I could see the humor in the razor incident and even the toilet seat deal... but I've come to the point where I just feel, god help me for saying it because I hate the word, "disrespected"...
I feel like now that he's got a good paying job, he thinks he can treat me like a slave because I make less than he does...and all I've done to pay for everything while he was unemployed, means nothing to him. 

You hit on a good point too... the reason he's acting like such a jerk now is that he thinks he's untouchable. If we divorce, he gets half the house(I have the mortgage, him and I are both on the deed--kicker is he used to own it with his exwife but he had to sell to buy her out--he gifted me his equity, and I purchased the home with a mortgage of my own because he has terrible credit)... Long story short, if we divorce, we'd have to sell the house, but we'd both wind up walking away with a very very large chunk of change...Which is fine with my H in alot of respects.
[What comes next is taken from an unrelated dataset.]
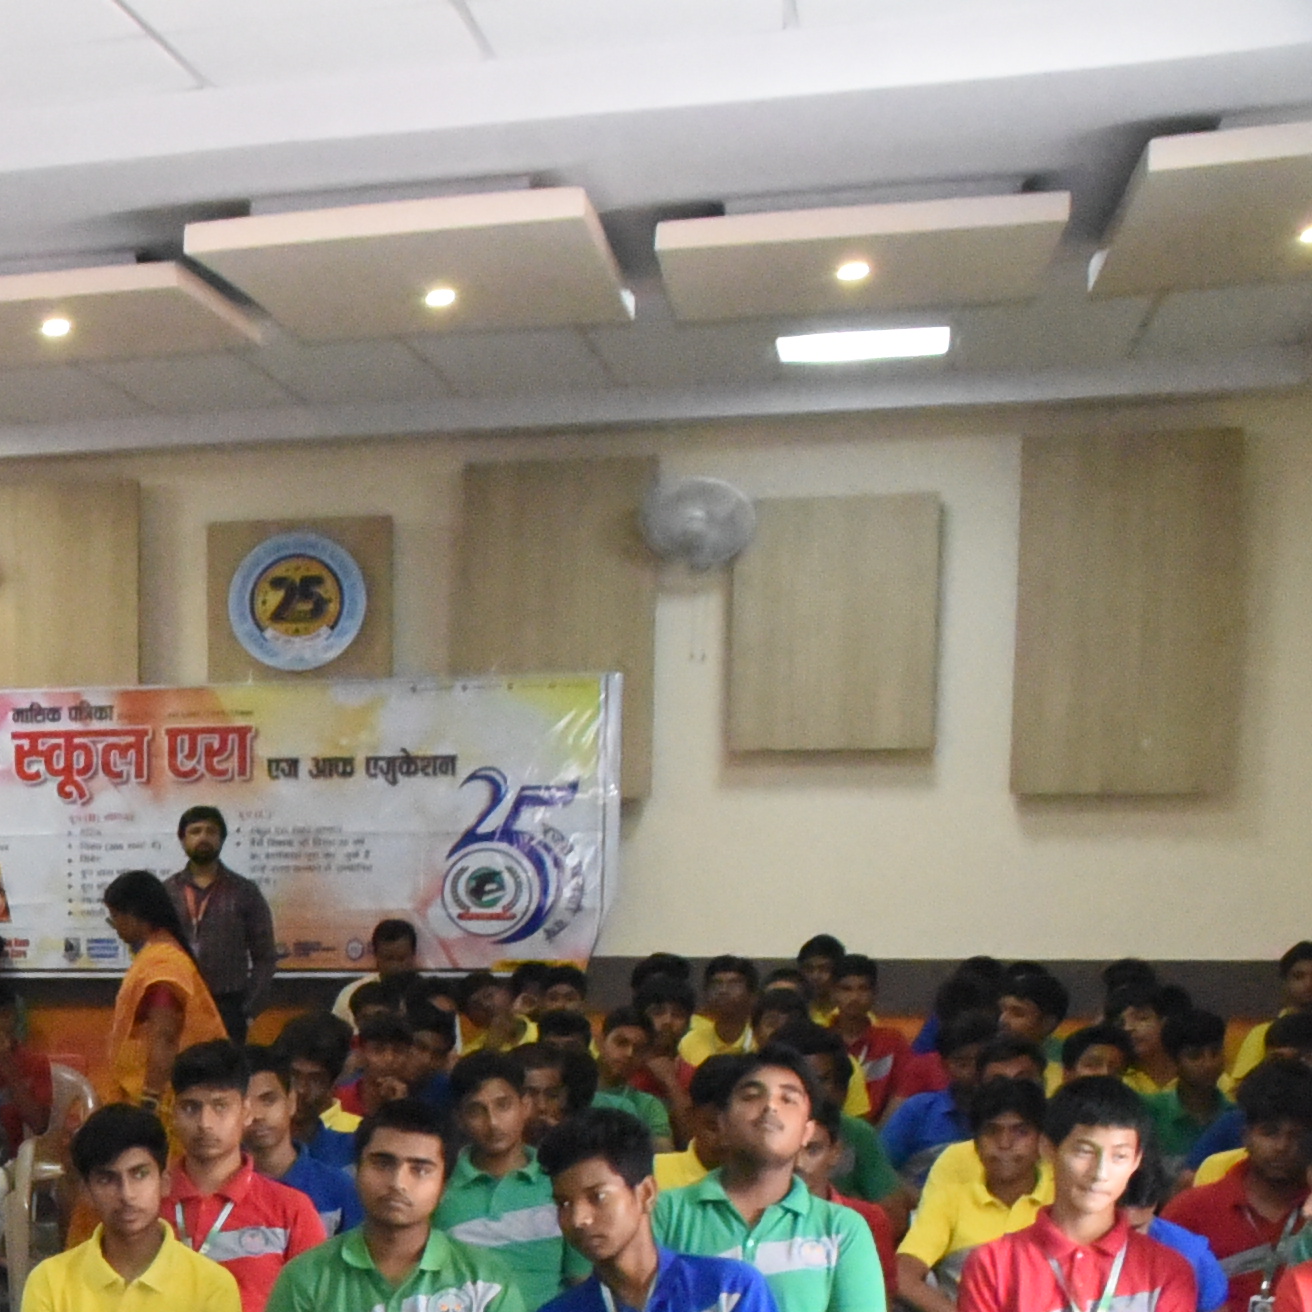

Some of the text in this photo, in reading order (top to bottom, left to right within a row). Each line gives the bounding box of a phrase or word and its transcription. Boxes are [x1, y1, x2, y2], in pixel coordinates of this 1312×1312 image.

[269, 575, 326, 622] 25
[11, 725, 253, 802] स्कूल एरा
[267, 756, 300, 781] एज
[365, 748, 457, 786] एजुकेशन
He wants to golf and travel and be irresponsible whereas I'm in the nesting phase of life (he's several years older than I am). We'd lived opposite lives before we'd met--I'd traveled alot and was wild, and he had been married with kids living in a suburban hell for many years.... Now that he's approaching 50, he wants to run and be free and have fun even though his kids aren't grown yet(wants to be irresponsible like his ex wife is)-- And I'm at the age where I want to have babies, make a garden and peace out.lol So selling the house would give him money to play around with--and he's not very good with money so he'd piss through it all in short order and be living in a dumpy apartment having his kids share a fold away bed.
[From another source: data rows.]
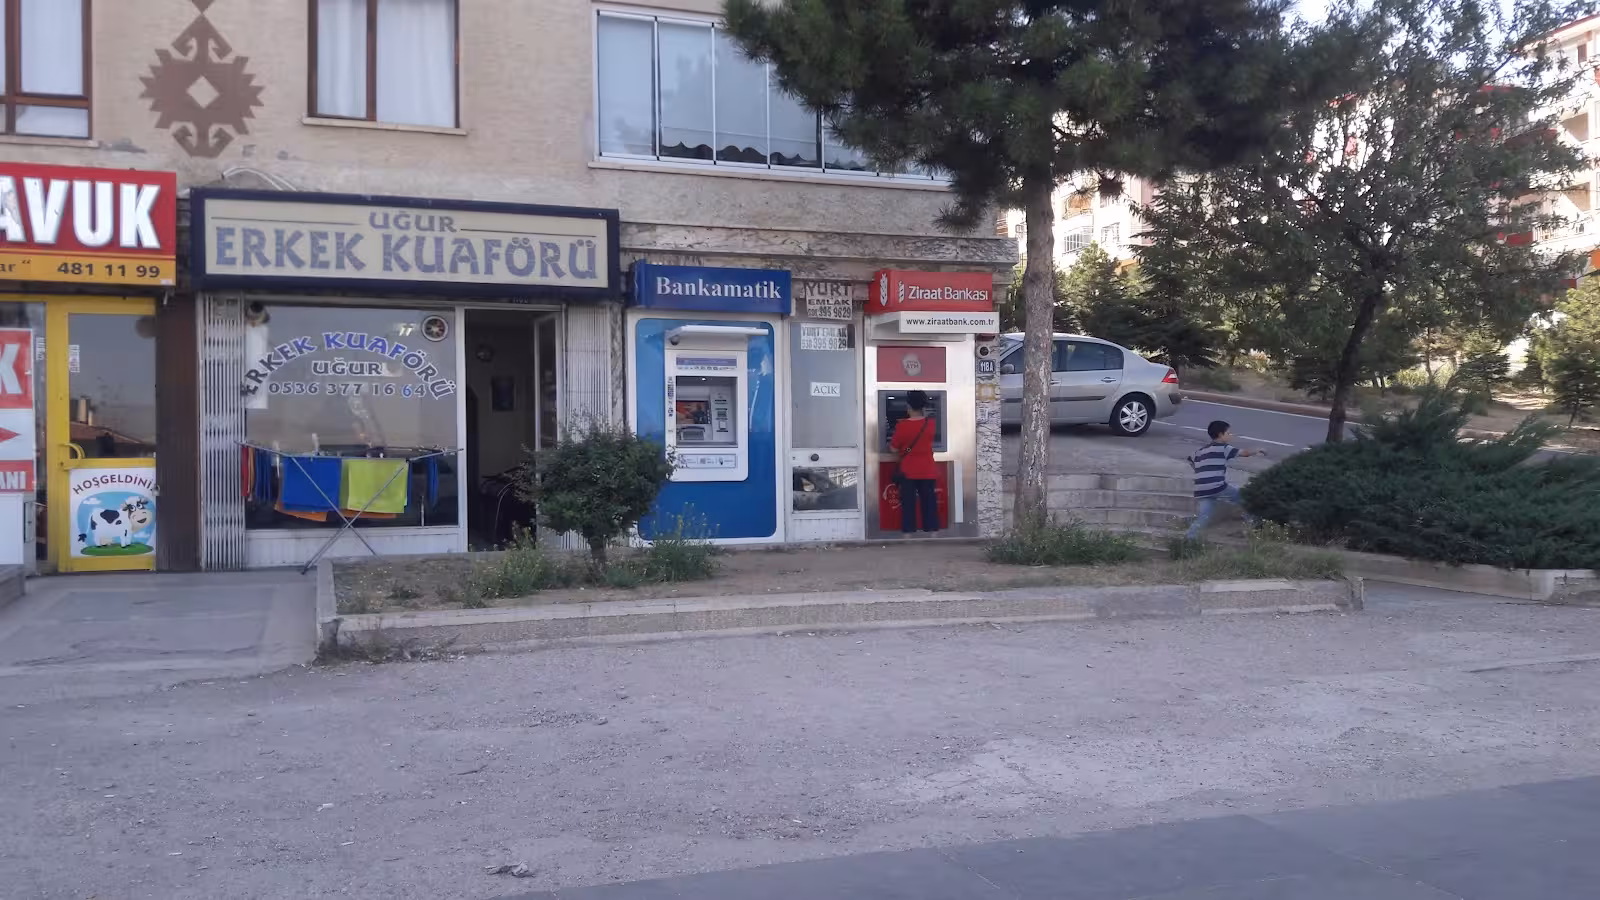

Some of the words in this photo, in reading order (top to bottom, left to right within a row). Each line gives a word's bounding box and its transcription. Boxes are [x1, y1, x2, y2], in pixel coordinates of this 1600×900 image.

[215, 225, 366, 272] ERKEK
[381, 233, 599, 279] KUAFÖRÜ
[57, 262, 94, 275] 481
[104, 264, 126, 276] 11
[136, 265, 160, 277] 99
[656, 276, 782, 298] Bankamatik
[805, 282, 851, 296] YURT
[908, 286, 942, 300] Ziraat
[944, 288, 989, 301] Bankası
[906, 317, 994, 327] www.ziraatbank.com.tr
[240, 335, 317, 397] ERKEK
[322, 331, 457, 400] KUAFÖRÜ
[312, 357, 383, 376] UĞUR
[980, 361, 994, 372] 118A
[268, 381, 319, 395] 0536
[327, 382, 363, 396] 377
[372, 383, 396, 396] 16
[402, 383, 427, 398] 64
[813, 385, 838, 396] AÇIK
[72, 474, 156, 494] HOŞGELDİNİ
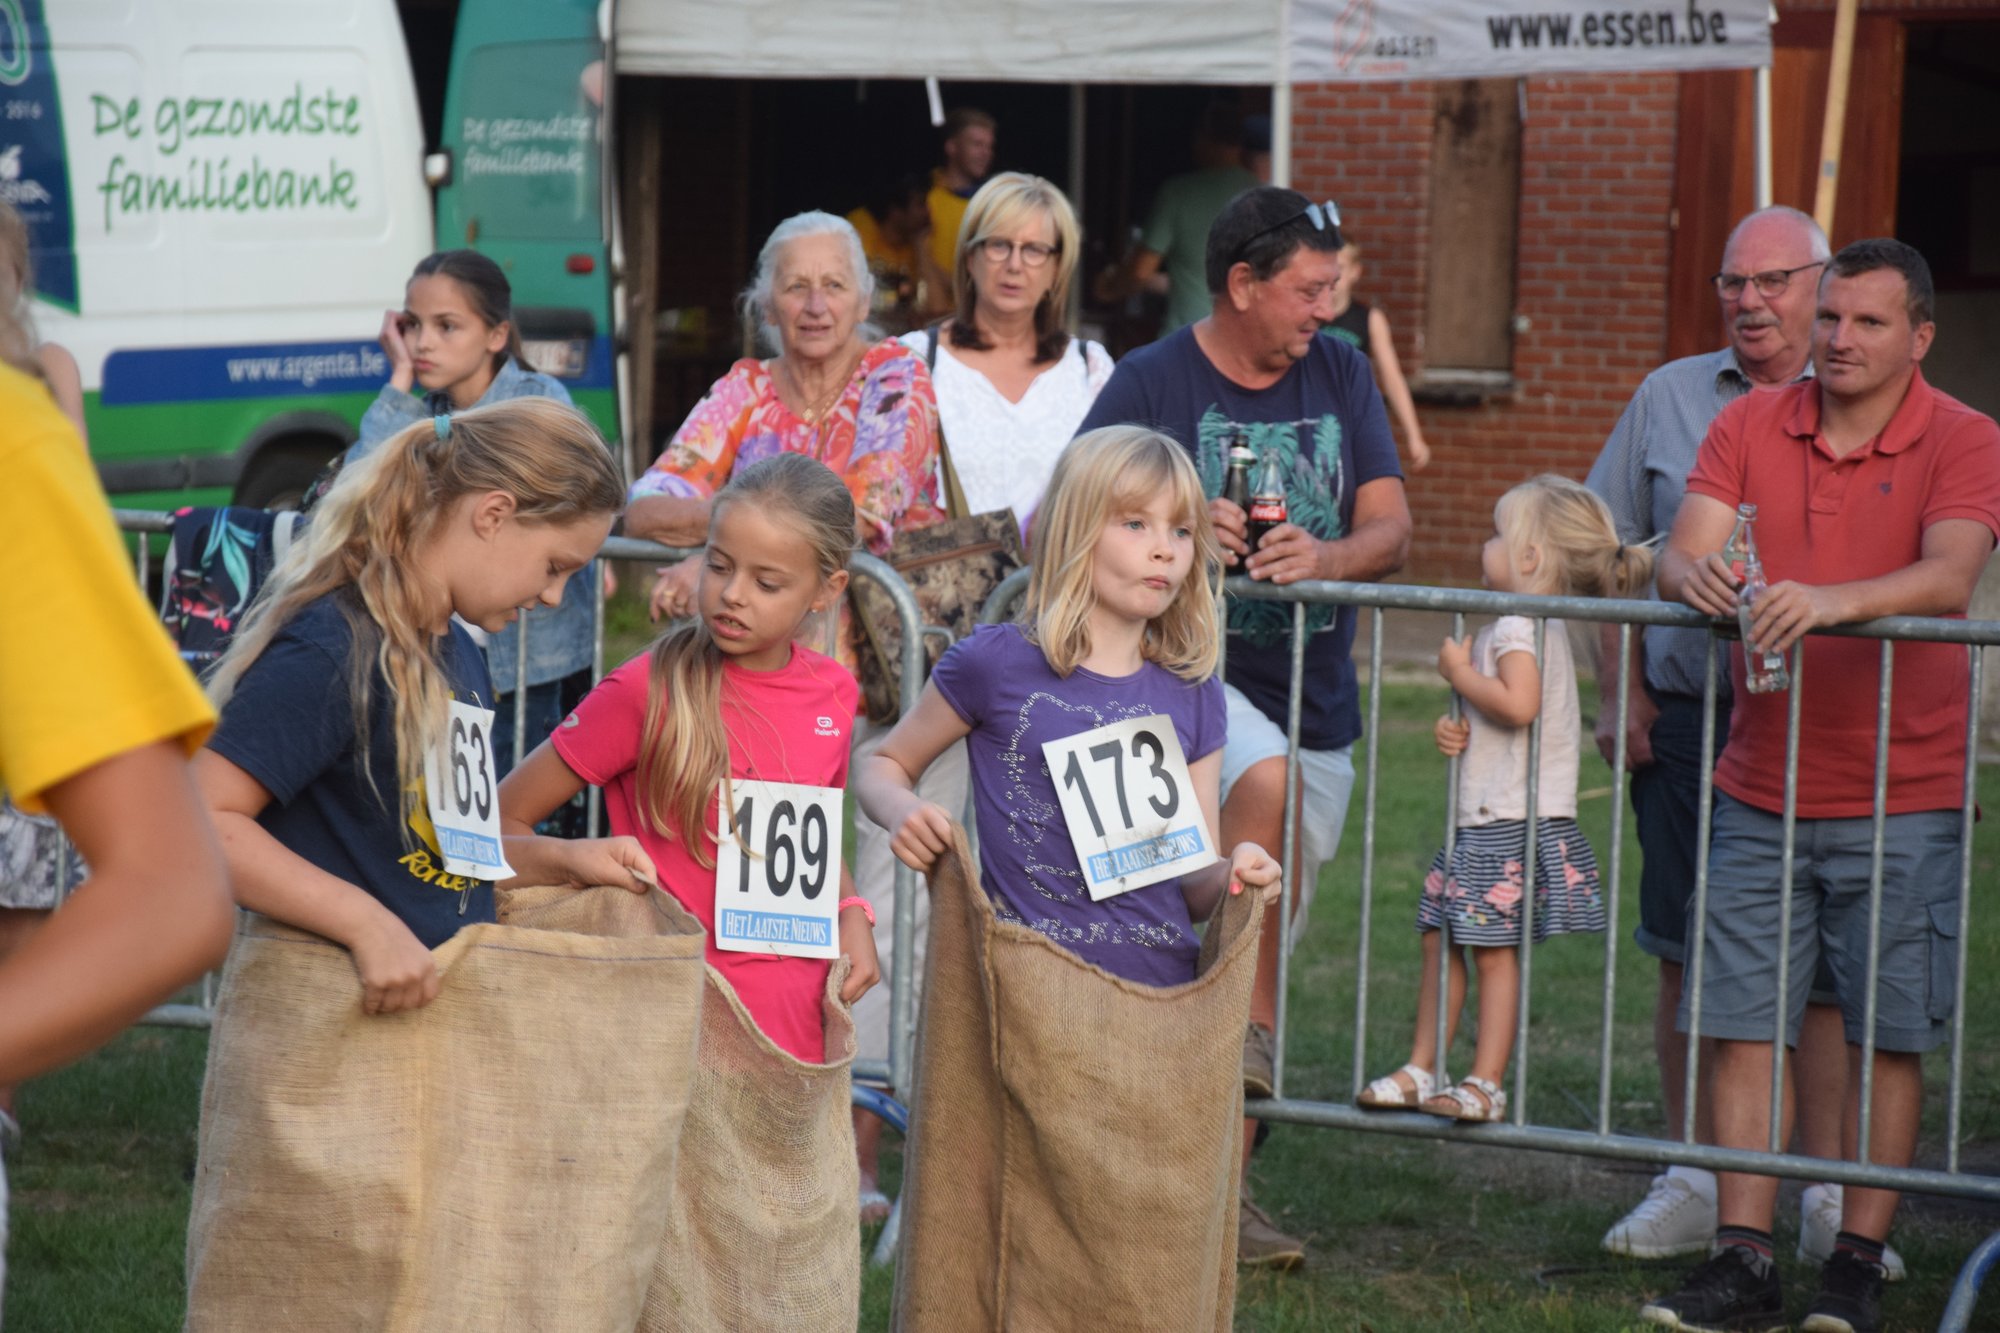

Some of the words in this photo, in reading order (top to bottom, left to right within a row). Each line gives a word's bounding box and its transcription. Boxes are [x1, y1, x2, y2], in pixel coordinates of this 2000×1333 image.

[1487, 0, 1729, 48] www.essen.be
[90, 92, 141, 139] De
[155, 81, 360, 155] gezondste
[463, 117, 487, 143] De
[488, 112, 591, 149] gezondste
[463, 146, 585, 183] familiebank
[97, 154, 358, 234] familiebank
[226, 346, 385, 388] www.argenta.be
[1063, 730, 1180, 838] 173
[728, 796, 829, 900] 169
[725, 911, 750, 937] HET
[748, 914, 790, 941] LAATSTE
[790, 917, 827, 945] NIEUWS
I would love to give the kids their own bathroom, but we have one full bath and a half bath--the half bath is a science project in itself--it's downstairs and they roll in their on their roller blades and just pee all willy-nilly (haha) everywhere. It's a constant battle to keep it clean enough to not get condemned by the health department.lol 

I'd been tempted to get a home equity loan to build a master suite over our garage--the plans were drawn up before I'd ever known H. We'd have a larger bedroom with our own private en suite, and the boys would each have their own bathroom in their renovated bedrooms. However, H hasn't been nice enough to me for long enough for me to want to bother spending the money.